> [Excerpted records]
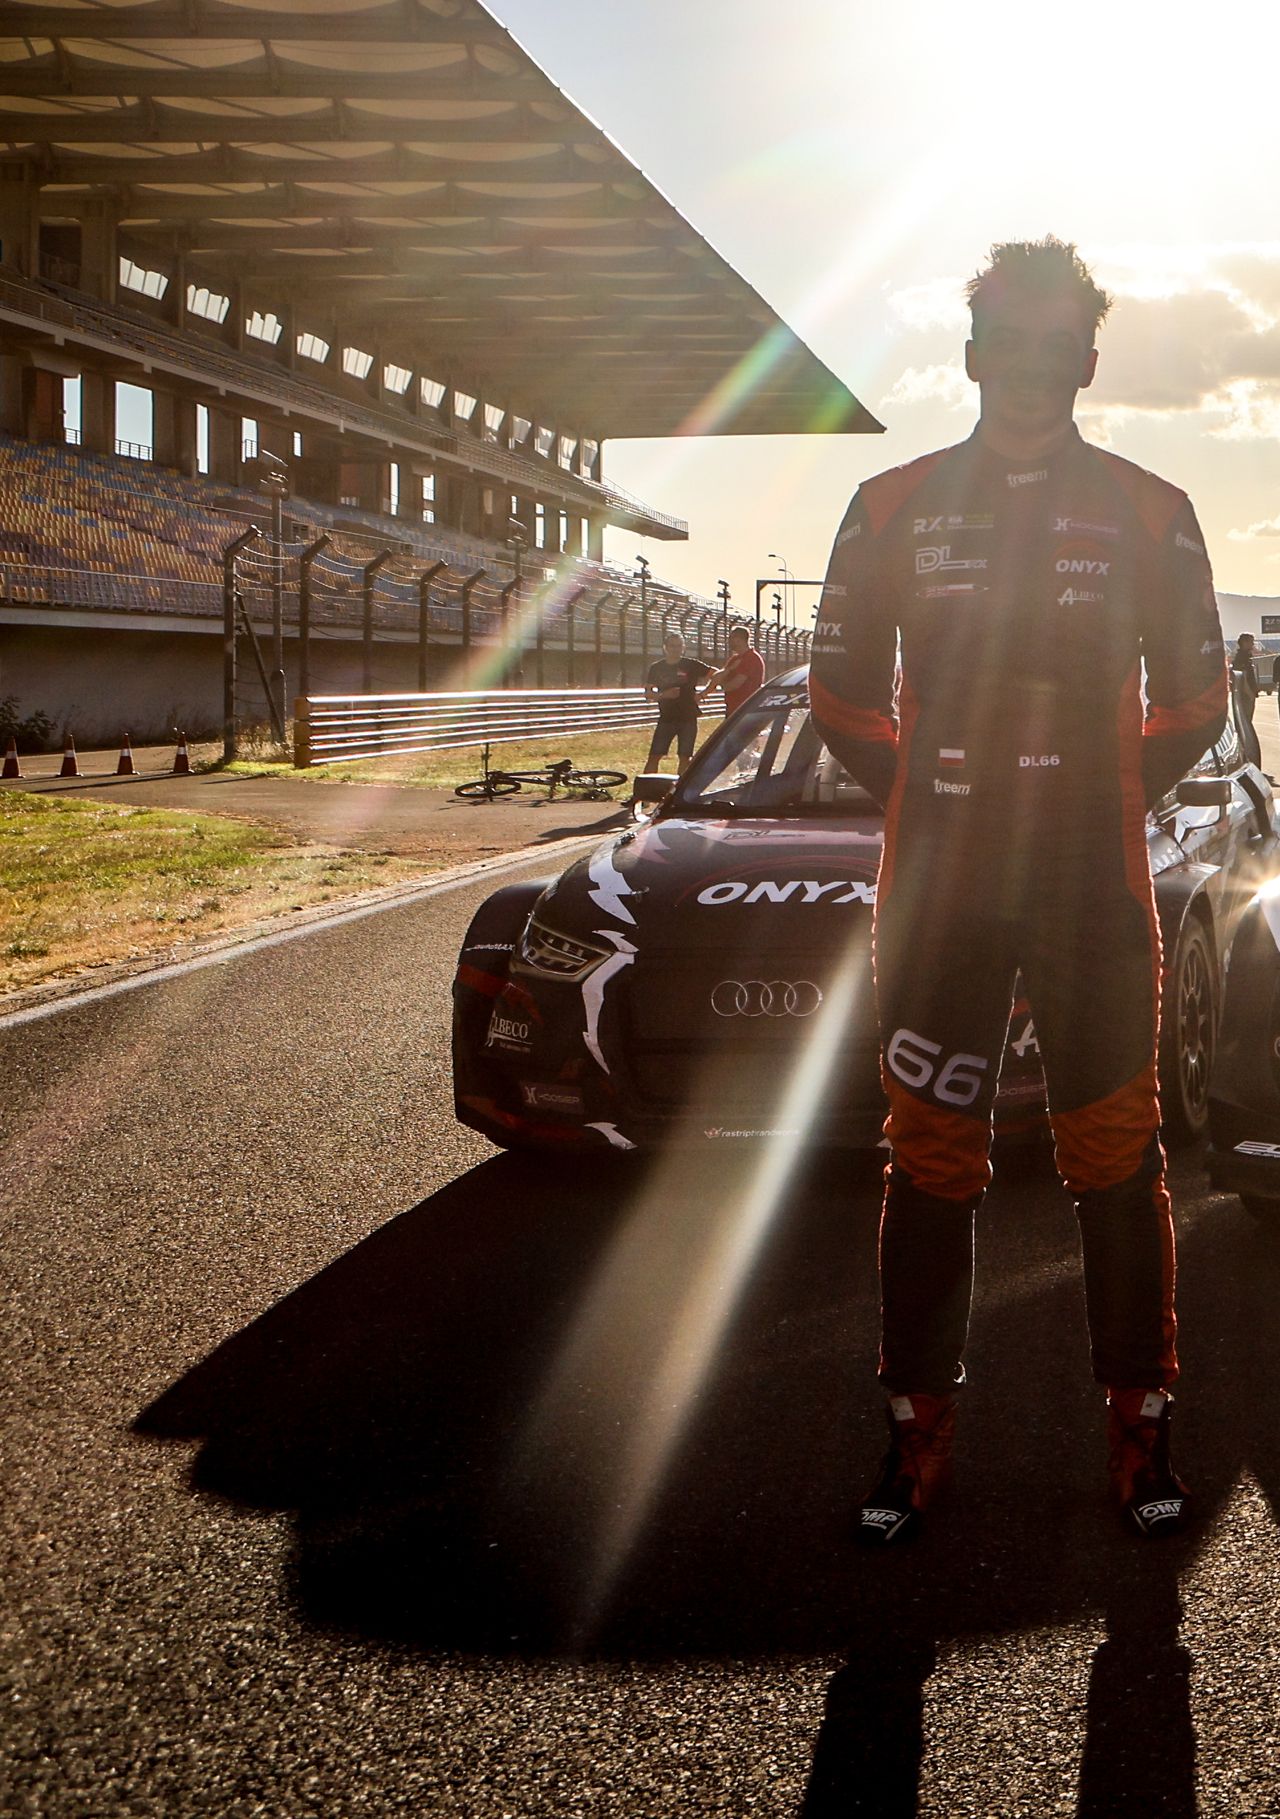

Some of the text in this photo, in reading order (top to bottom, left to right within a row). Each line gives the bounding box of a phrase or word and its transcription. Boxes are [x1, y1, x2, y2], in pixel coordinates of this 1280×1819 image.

[1007, 469, 1048, 488] freem
[1056, 560, 1110, 575] ONYX
[1018, 754, 1060, 767] DL66
[934, 778, 971, 796] freem
[697, 881, 878, 905] ONYX
[887, 1028, 988, 1104] 66
[1142, 1502, 1182, 1518] OMP

> [Instructions to follow] The reply should repeat the listing above exactly and contain no pictures.

> [Worked solution]
Some of the text in this photo, in reading order (top to bottom, left to right within a row). Each line gives the bounding box of a phrase or word and its transcription. Boxes are [x1, y1, x2, y2], in pixel coordinates of this 1280×1819 image.

[1007, 469, 1048, 488] freem
[1056, 560, 1110, 575] ONYX
[1018, 754, 1060, 767] DL66
[934, 778, 971, 796] freem
[697, 881, 878, 905] ONYX
[887, 1028, 988, 1104] 66
[1142, 1502, 1182, 1518] OMP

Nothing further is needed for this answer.